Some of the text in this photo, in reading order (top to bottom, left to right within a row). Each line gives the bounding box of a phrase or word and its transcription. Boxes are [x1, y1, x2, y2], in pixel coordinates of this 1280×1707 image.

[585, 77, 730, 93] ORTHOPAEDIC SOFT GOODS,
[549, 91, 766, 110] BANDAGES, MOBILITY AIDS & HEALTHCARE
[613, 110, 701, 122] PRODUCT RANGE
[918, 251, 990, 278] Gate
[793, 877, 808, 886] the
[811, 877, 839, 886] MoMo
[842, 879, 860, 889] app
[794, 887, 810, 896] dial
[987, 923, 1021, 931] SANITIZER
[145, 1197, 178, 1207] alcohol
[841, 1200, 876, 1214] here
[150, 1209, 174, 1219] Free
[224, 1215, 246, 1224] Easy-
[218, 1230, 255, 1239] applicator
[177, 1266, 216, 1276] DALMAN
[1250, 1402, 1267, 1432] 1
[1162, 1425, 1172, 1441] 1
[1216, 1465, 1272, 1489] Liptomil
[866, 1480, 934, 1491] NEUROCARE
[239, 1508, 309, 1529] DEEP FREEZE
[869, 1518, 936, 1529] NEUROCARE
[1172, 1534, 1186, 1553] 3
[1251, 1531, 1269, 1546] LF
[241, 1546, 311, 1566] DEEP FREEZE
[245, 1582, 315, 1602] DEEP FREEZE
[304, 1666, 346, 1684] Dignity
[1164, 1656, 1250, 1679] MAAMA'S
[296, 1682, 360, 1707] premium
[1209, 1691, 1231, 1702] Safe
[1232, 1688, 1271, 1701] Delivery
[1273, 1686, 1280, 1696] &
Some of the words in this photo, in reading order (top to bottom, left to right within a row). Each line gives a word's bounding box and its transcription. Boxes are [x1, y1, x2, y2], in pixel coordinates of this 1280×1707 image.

### WORK ORDER
Please restate every line of the records exactly.

### ANSWER TO THE PROBLEM
Some of the text in this photo, in reading order (top to bottom, left to right within a row). Each line gives the bounding box of a phrase or word and its transcription. Boxes are [x1, y1, x2, y2], in pixel coordinates of this 1280×1707 image.

[585, 77, 730, 93] ORTHOPAEDIC SOFT GOODS,
[549, 91, 766, 110] BANDAGES, MOBILITY AIDS & HEALTHCARE
[613, 110, 701, 122] PRODUCT RANGE
[918, 251, 990, 278] Gate
[793, 877, 808, 886] the
[811, 877, 839, 886] MoMo
[842, 879, 860, 889] app
[794, 887, 810, 896] dial
[987, 923, 1021, 931] SANITIZER
[145, 1197, 178, 1207] alcohol
[841, 1200, 876, 1214] here
[150, 1209, 174, 1219] Free
[224, 1215, 246, 1224] Easy-
[218, 1230, 255, 1239] applicator
[177, 1266, 216, 1276] DALMAN
[1250, 1402, 1267, 1432] 1
[1162, 1425, 1172, 1441] 1
[1216, 1465, 1272, 1489] Liptomil
[866, 1480, 934, 1491] NEUROCARE
[239, 1508, 309, 1529] DEEP FREEZE
[869, 1518, 936, 1529] NEUROCARE
[1172, 1534, 1186, 1553] 3
[1251, 1531, 1269, 1546] LF
[241, 1546, 311, 1566] DEEP FREEZE
[245, 1582, 315, 1602] DEEP FREEZE
[304, 1666, 346, 1684] Dignity
[1164, 1656, 1250, 1679] MAAMA'S
[296, 1682, 360, 1707] premium
[1209, 1691, 1231, 1702] Safe
[1232, 1688, 1271, 1701] Delivery
[1273, 1686, 1280, 1696] &
Some of the words in this photo, in reading order (top to bottom, left to right within a row). Each line gives a word's bounding box and its transcription. Boxes are [x1, y1, x2, y2], in pixel coordinates of this 1280×1707 image.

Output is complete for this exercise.